No entanto, nesse espaço de sororidade – e, portanto de solidariedade e proteção –, não havia o olhar do outro, isto é, não havia nada que as erotizasse. Elas se sentiam livres da sexualização de seus corpos, que a rigor depende de quem os sexualize, no caso, os homens.
O fim da alegria inicia-se no primeiro terceto. Apenas na última estrofe ficamos sabendo quem as faz galopar não em liberdade, mas em fuga, Hércules. Seus adjetivos são enorme, aceso, bravo, heroico e argivo; todos associados à potência. Pensados junto à clava, assumem um caráter de violência. Clava é um símbolo fálico. Por não estar em riste, estar pendente, é uma ameaça que se impõe.
Embora as centauras estivessem em lutas e torneios, não há nada que denote bestialidade, ou melhor, agressividade nos dois quartetos. Pelo contrário, o oitavo verso é fechado com a ideia de mansidão. É a presença de Hércules que tensiona a cena e acaba com o ambiente de segurança. Ainda ao longe, a virilidade que ele simboliza ameaça a comunhão das figuras femininas.

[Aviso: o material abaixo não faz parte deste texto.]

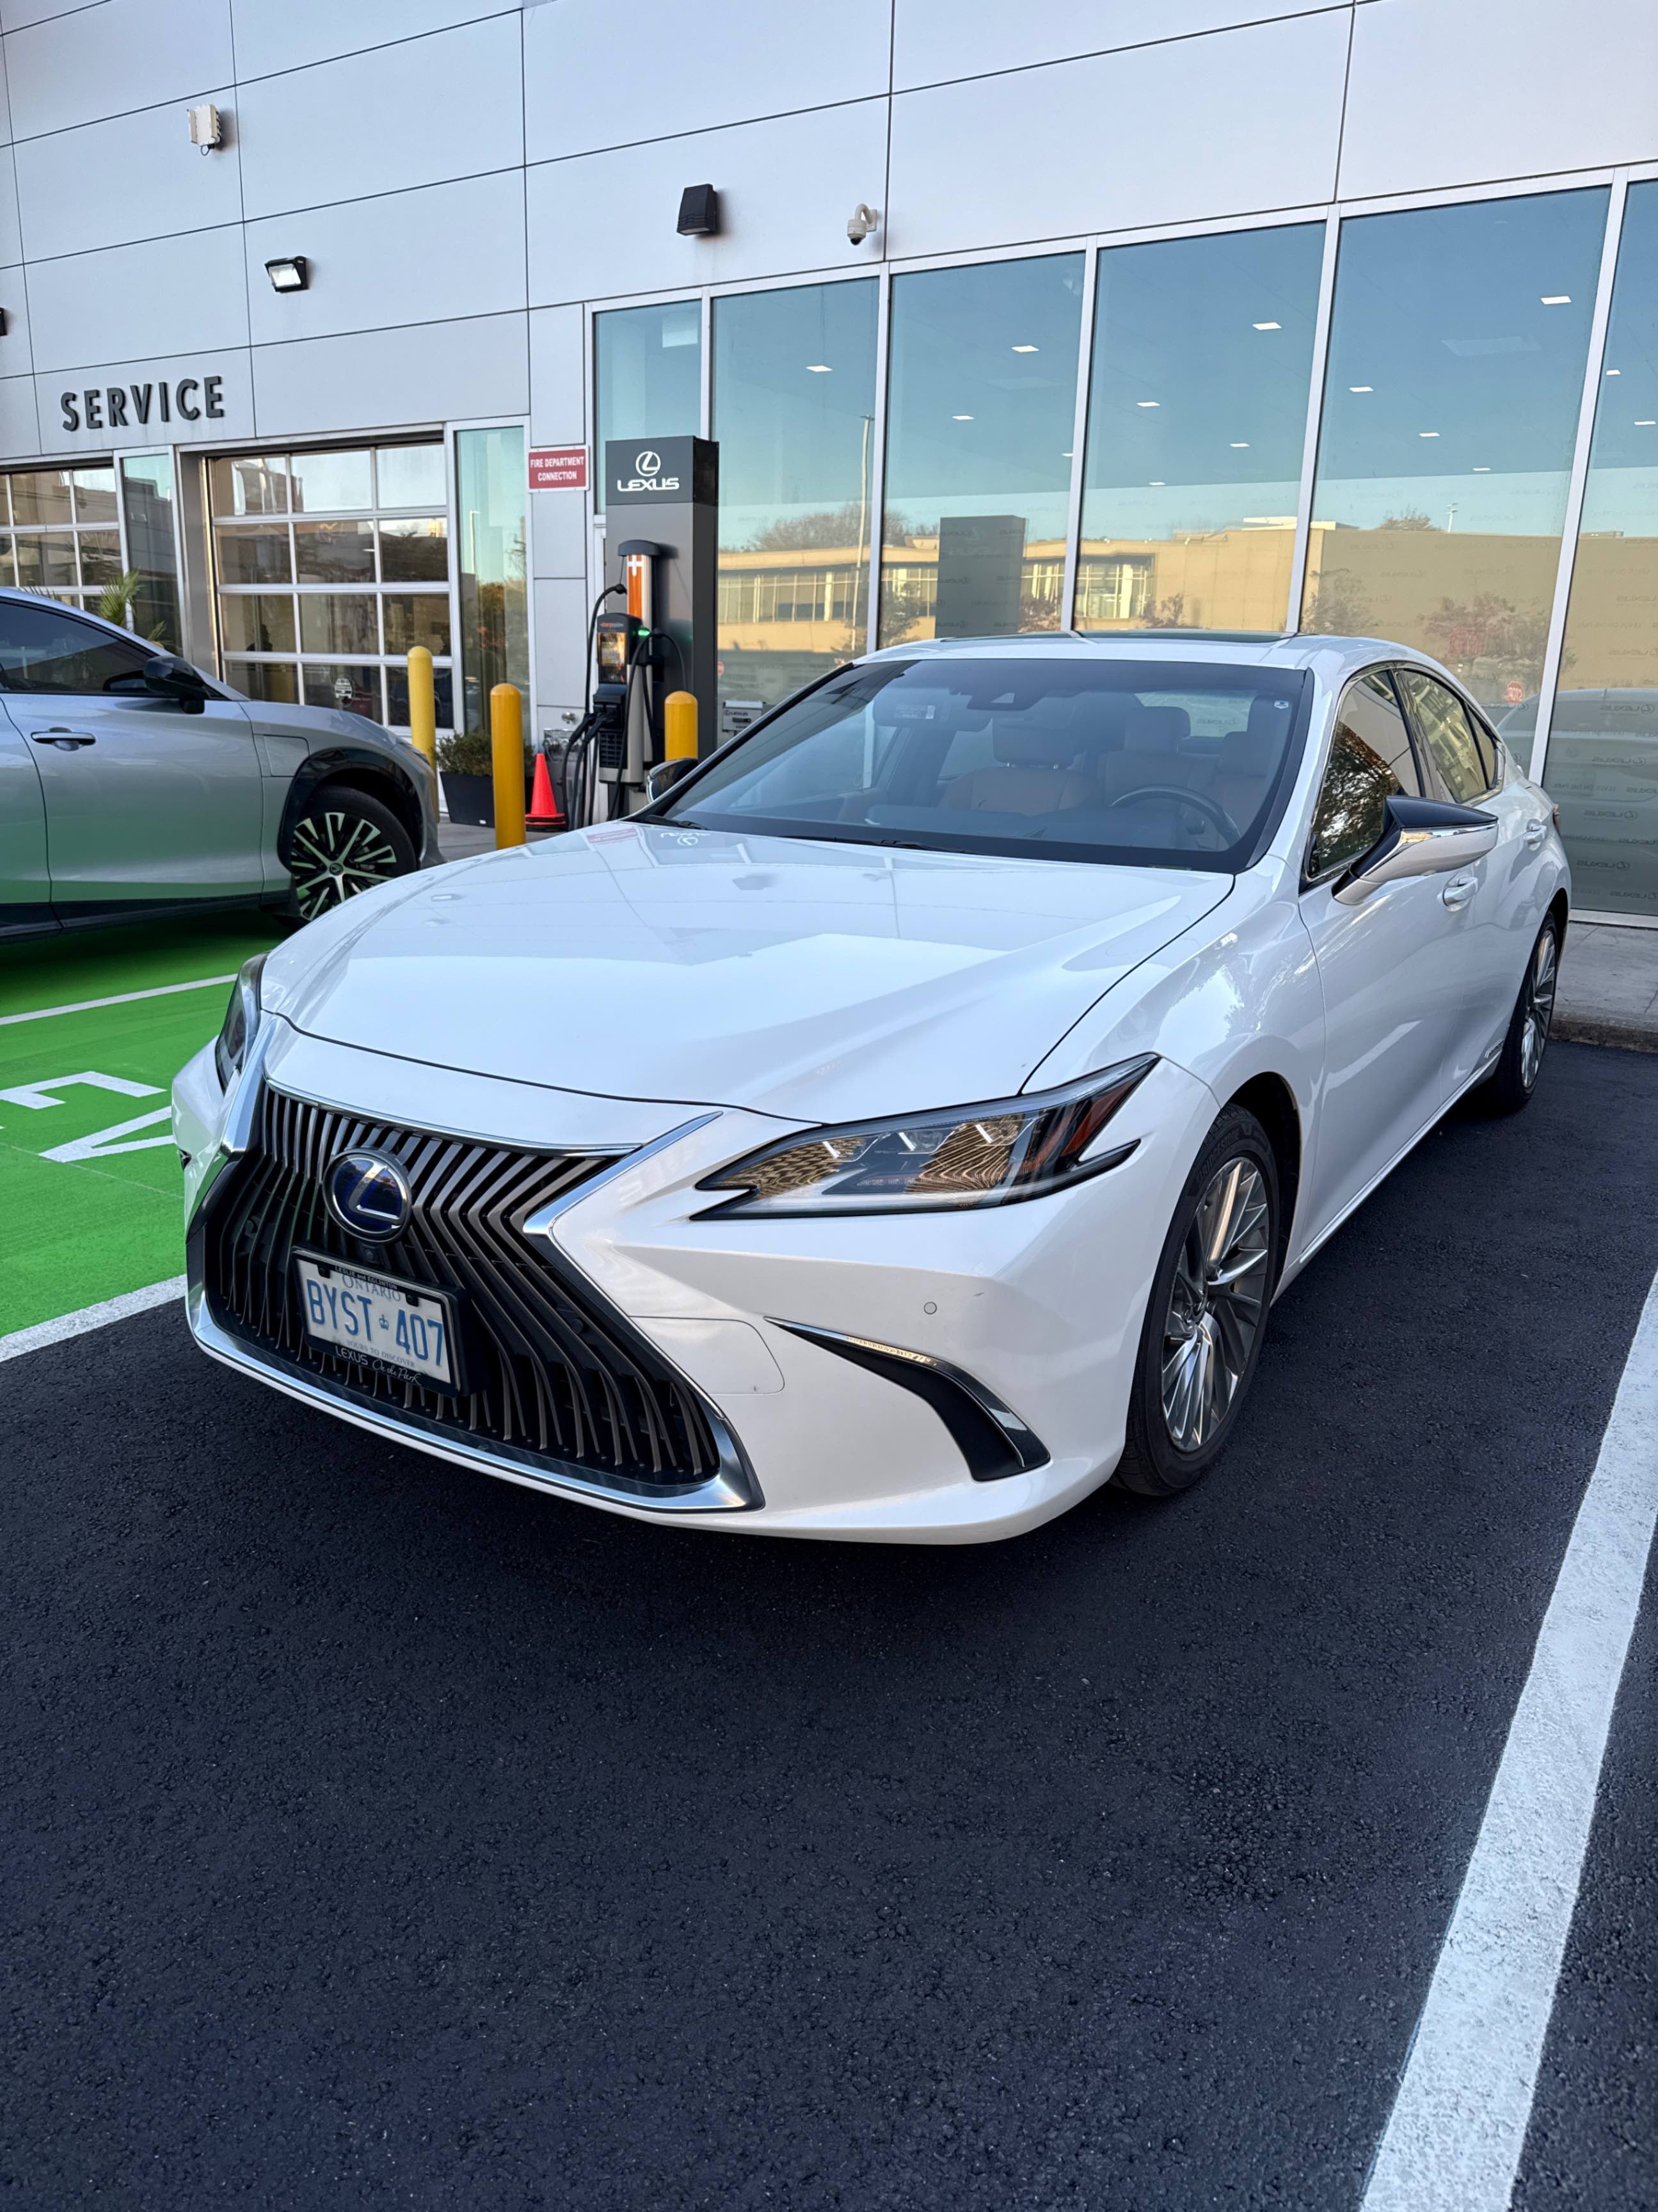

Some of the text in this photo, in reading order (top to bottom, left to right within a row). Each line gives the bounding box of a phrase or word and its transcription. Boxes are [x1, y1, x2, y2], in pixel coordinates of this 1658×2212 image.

[61, 376, 225, 431] SERVICE
[530, 456, 584, 468] FIRE DEPARTMENT
[538, 471, 577, 481] CONNECTION
[617, 477, 680, 492] LEXUS
[335, 1265, 356, 1278] LESLIE
[367, 1275, 398, 1290] EGLINTON
[342, 1274, 401, 1302] ONTARIO
[307, 1279, 443, 1366] BYST 407
[335, 1345, 422, 1384] LEXUS On the Park
[347, 1339, 416, 1368] YOURS TO DISCOVER

Considerando o contexto no qual viveu e escreveu Francisca Júlia, é difícil não relacionar Hércules, cujo nome só aparece no último verso, aos freios, do primeiro verso. A imagem masculina liga-se ao machismo estrutural que afugenta as mulheres, ainda que numerosas e, por vezes, ainda que com armas em mãos. Em minha leitura, apesar do rigor descritivo parnasiano – ou talvez justamente pela possibilidade de ser objetivo ao extremo –, a poetisa realiza uma crítica ao status quo, ao patriarcado. Vejo Francisca Júlia, de dentro do próprio tecido opressor, esgarçar suas tramas, uma vez que a transformação não se dá apenas externamente, é preciso se infiltrar.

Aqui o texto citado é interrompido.